The mean synonymous substitution (Sd) values identified many regions undergoing variable rates of conservation throughout the bacterial TatC protein (Figure 5). Our analysis of 232 TatC sequences demonstrated that residues were conserved at greater extent within the amino- terminus and first two loops of TatC rather than in TM1 strand. Residue conservation increased in frequency, particularly within TM2–TM5 regions, in the carboxyl-terminus of the TatC consensus protein (Figure 5). This indicated the importance of these TatC TM residues and almost all are proposed to participate in substrate leader peptide binding pocket described for the A. aeolicus TatC structure [27] and as shown in the E. coli model of TatC (Figure 6). Examination of mean Sd values at all codon positions of aligned tatC sequences (grey chart in Figure 5), indicated that codon conservation was analogous to estimated amino acid conservation except for three residues found in TM regions, TM2 (W85), TM3 (Y119) and TM4 (F162) specifically. These exceptions suggest that these codons may be more likely to undergo non-synonymous nucleotide substitutions, possibly to amino acids with similar chemical characteristics. In E. coli TatC, only TM3 Y126A (TatC consensus Y119) was shown to be important for TatC structure and function based on site-directed mutagenesis experiments (Table 3) [29], [30], [36]. These three Sd values exceptions may reflect significant differences in hydrophobic amino acid codon usage in TM regions between the diverse bacterial phyla surveyed in this study or possibly reflect TM strand residue variation in the various α- helical membrane segments.

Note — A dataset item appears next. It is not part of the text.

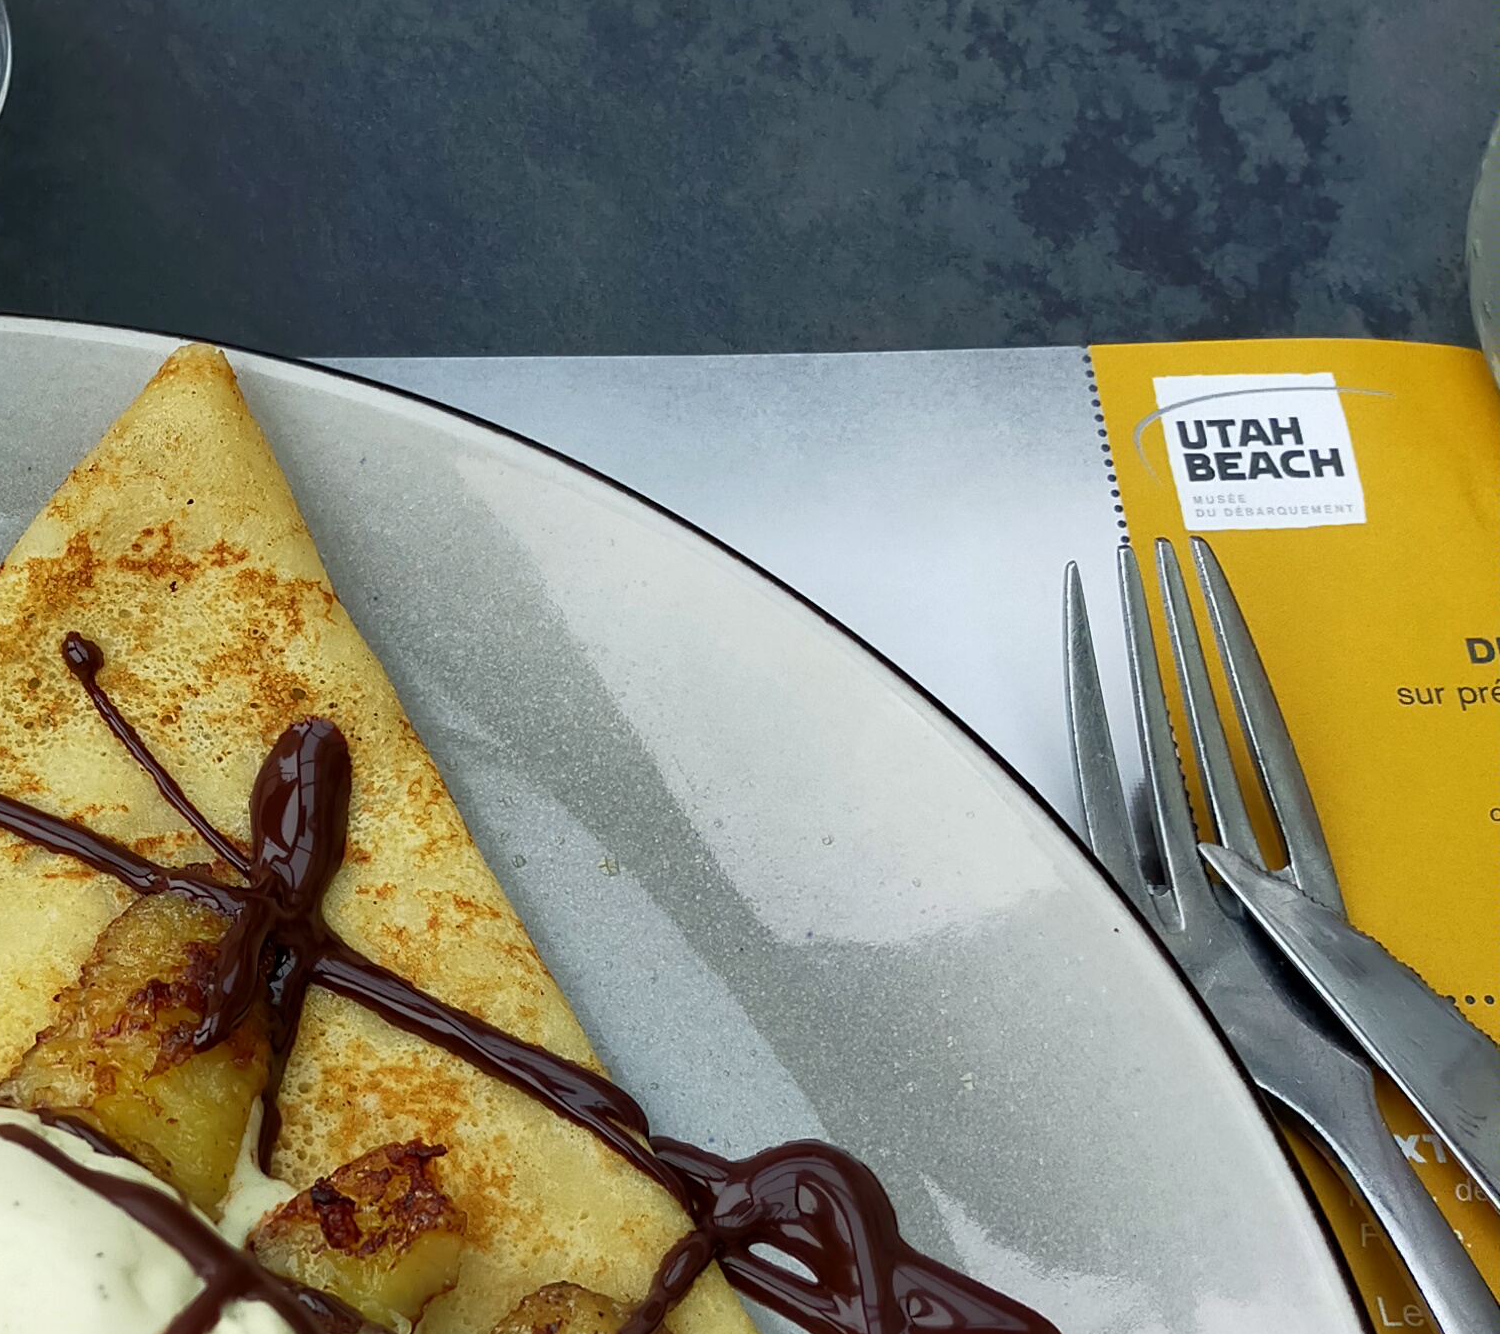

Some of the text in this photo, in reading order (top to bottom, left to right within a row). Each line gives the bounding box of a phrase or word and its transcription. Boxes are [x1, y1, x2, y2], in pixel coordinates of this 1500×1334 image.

Table 3. Summary of E. coli TatC amino acid variants experimentally determined to alter Tat translocase activity and residues known to interact with twin arginine leader peptides.

TatC consensusamino acid residueand number inthis study Location withinN- or C-terminus TMor loop (L) E.coli TatC aminoacid consensusposition Genetically selectedtranslocation inactivating E. colivariants [31] E. coli Ala substitutionvariants that reducedtransport function[29], [30], [36] Residues capableof cross- linkingto TorA twinarginine leader peptide[34] Residues capable ofphoto-affinity labelling withTatA, TatB, or TatC protein[34]
NA N V3 Yes – high TatB
NA N E4 Yes
NA N D5 Yes
NA N L9 Yes – high
I1 N I10 Yes TatB
H2 TM1 H12 Yes
E5 TM1 I14 TatB
E6 TM1 E15 Yes Yes– high
L7 TM1 L16 Yes
R8 TM1 R17 Yes
A37 L1 S46 S46F
P39 L1 P48 P48L, P48S Yes
L52 L1 M59 M59K
I53 L1 I60 I60N
G56 L1 D63 D63V TatC
V57 L1 V64 V64E
E59 L1 S66 S66P
F61 L1 F68 F68S
T63 L1 T70 T70R
V67 TM2 L74 L74P
F87 TM2 F94 F94S
P90 TM2 P97 Yes
L92 L2 L99 L99P, L99Q
Y93 L2 Y100 Yes Yes
K94 L2 K101 Yes
E96 L2 E103 E103G, E103K Yes
Y119 TM3 Y126 Yes
P124 TM3 P131 P131L
L130 TM3 L137 L137H
V138 L3 V145 V145E
M142 L3 S148 S148P
D144 L3 D150 D150G, D150V TatA, TatB
I145 L3 I151 I151T
E164 TM4 E170 Yes
E181 L4 E187 Yes
A199 TM5 M205 TatB*,TatC*
D205 TM5 D211 Yes TatA, TatB**
Q209 L5 Q215 Q215R Yes
L219 TM6 L225 L225P
E221 TM6 E227 Yes

ND, no difference from wild-type TatC; NA, not alignable in this study.

*

E. coli TatB L9C variant formed Cys cross link to TatC and interaction observed between TatC M205R to TatB F2L or F6L variants [31].

**

Experimentally shown to destabilise TatB-TatC interactions [30].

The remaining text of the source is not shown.